WHAT THE TASK REQUIRES -> Repeat, exactly as written, all of the entries, but not their pictures.

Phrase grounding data
^^^^^^^^
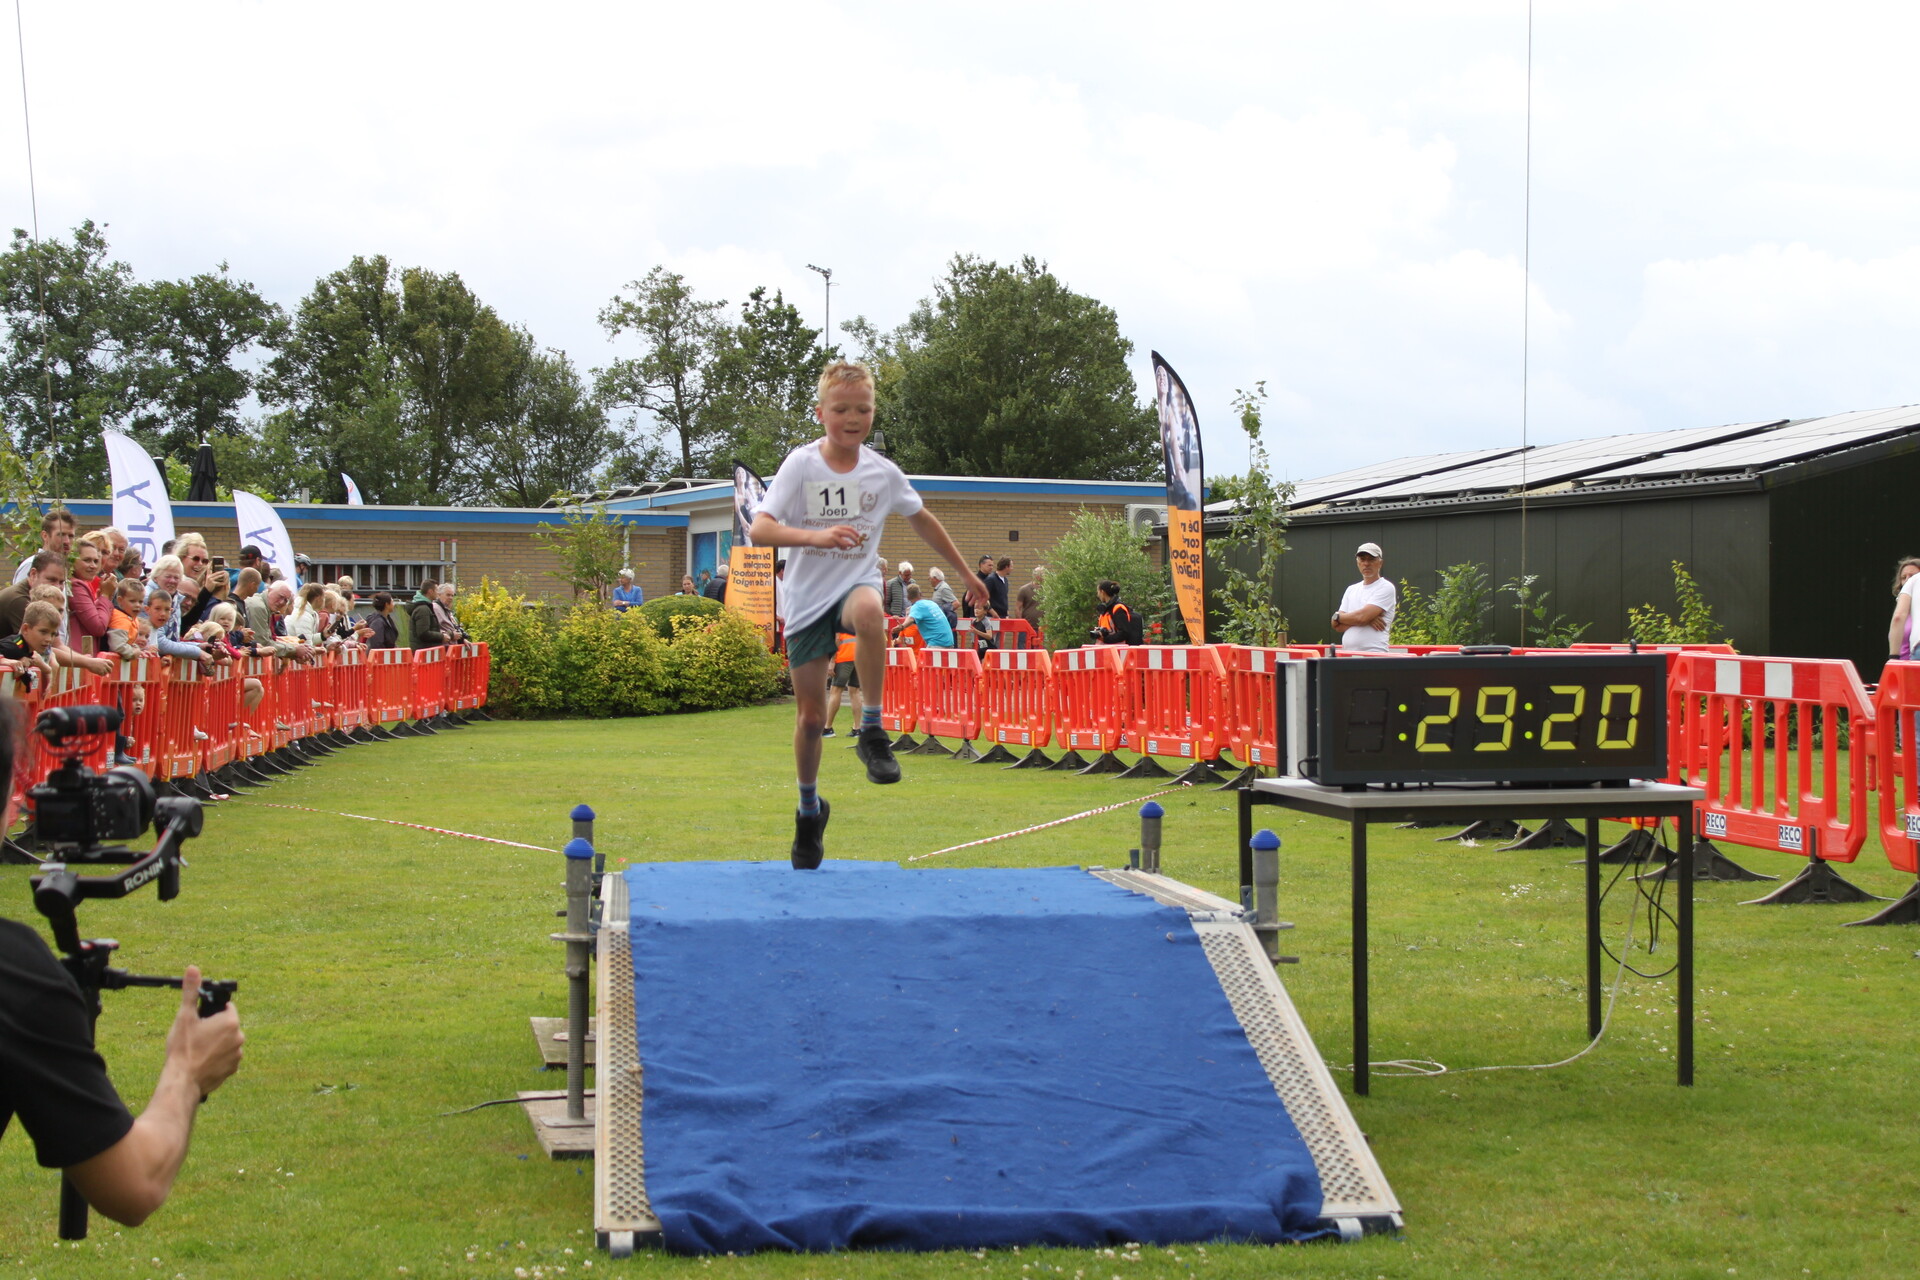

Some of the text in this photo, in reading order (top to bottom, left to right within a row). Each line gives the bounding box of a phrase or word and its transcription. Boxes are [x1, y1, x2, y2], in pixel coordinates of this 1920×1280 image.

[819, 487, 845, 506] 11
[820, 507, 848, 517] Joep
[801, 546, 868, 560] Junior Triathlon
[1706, 814, 1725, 829] RECO
[1779, 825, 1801, 842] RECO
[123, 857, 164, 892] RONIN
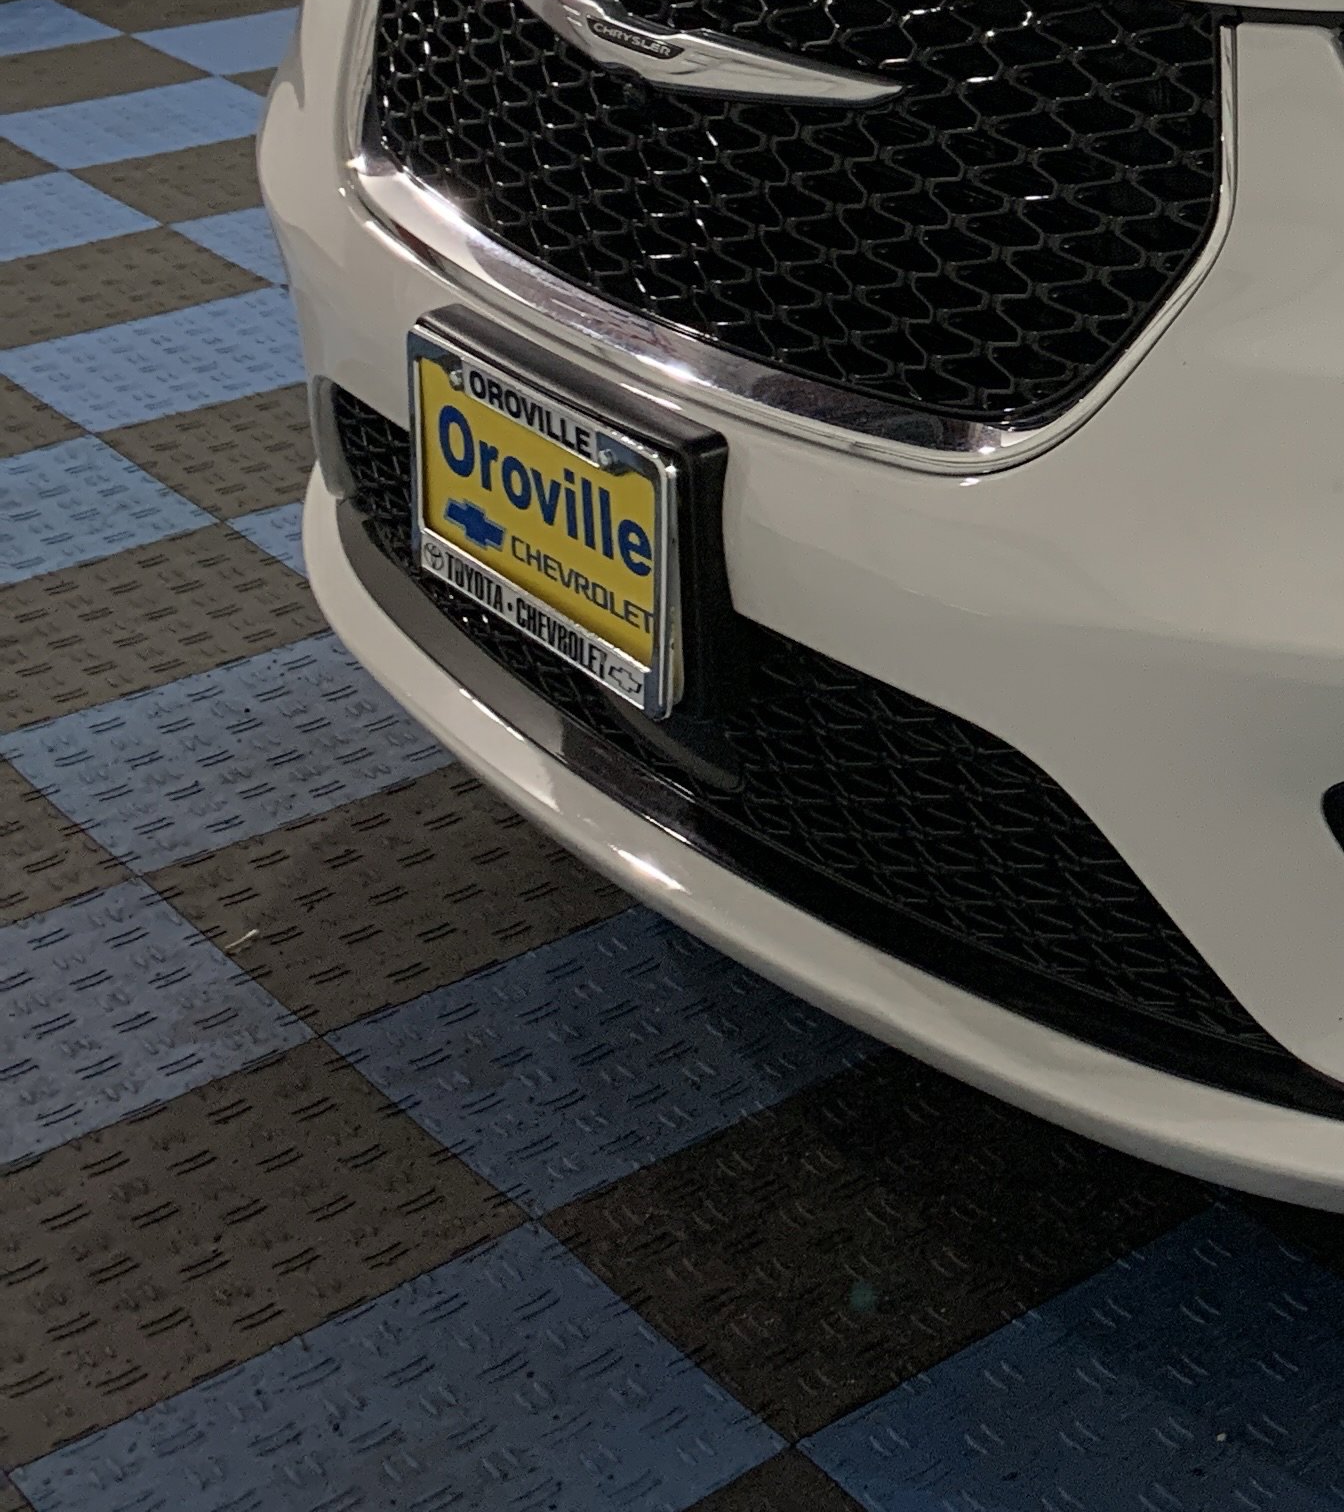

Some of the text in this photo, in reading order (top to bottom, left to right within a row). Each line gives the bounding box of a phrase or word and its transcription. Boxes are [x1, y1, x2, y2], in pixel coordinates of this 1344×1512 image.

[593, 22, 671, 57] CHRYSLER
[469, 370, 592, 459] OROVILLE
[438, 405, 653, 576] Oroville
[445, 551, 607, 680] TOYOTA CHEVROLET
[511, 535, 653, 634] CHEVROLET
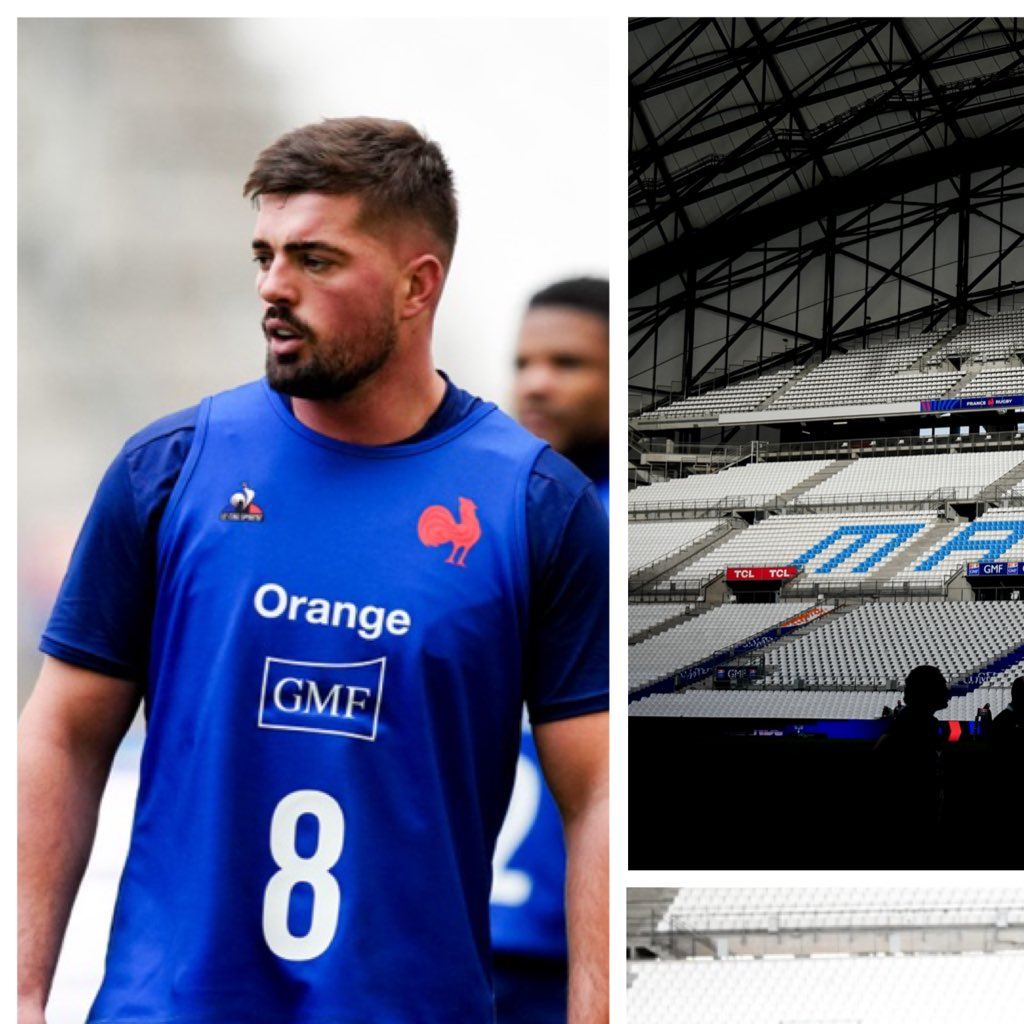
^^^^^^^^
SOLUTION BELOW ->
Some of the text in this photo, in reading order (top to bottom, left to right within a row). Each line gives the bounding box of a phrase or word and its transcription. Boxes are [x1, y1, x2, y2], in pixel coordinates of this 1920×1280 image.

[819, 487, 845, 506] 11
[820, 507, 848, 517] Joep
[801, 546, 868, 560] Junior Triathlon
[1706, 814, 1725, 829] RECO
[1779, 825, 1801, 842] RECO
[123, 857, 164, 892] RONIN

Some of the text in this photo, in reading order (top to bottom, left to right within a row). Each line gives the bounding box of a phrase or word and its transcription. Boxes are [x1, y1, x2, y2], in pixel coordinates of this 1344×1512 image.

[593, 22, 671, 57] CHRYSLER
[469, 370, 592, 459] OROVILLE
[438, 405, 653, 576] Oroville
[445, 551, 607, 680] TOYOTA CHEVROLET
[511, 535, 653, 634] CHEVROLET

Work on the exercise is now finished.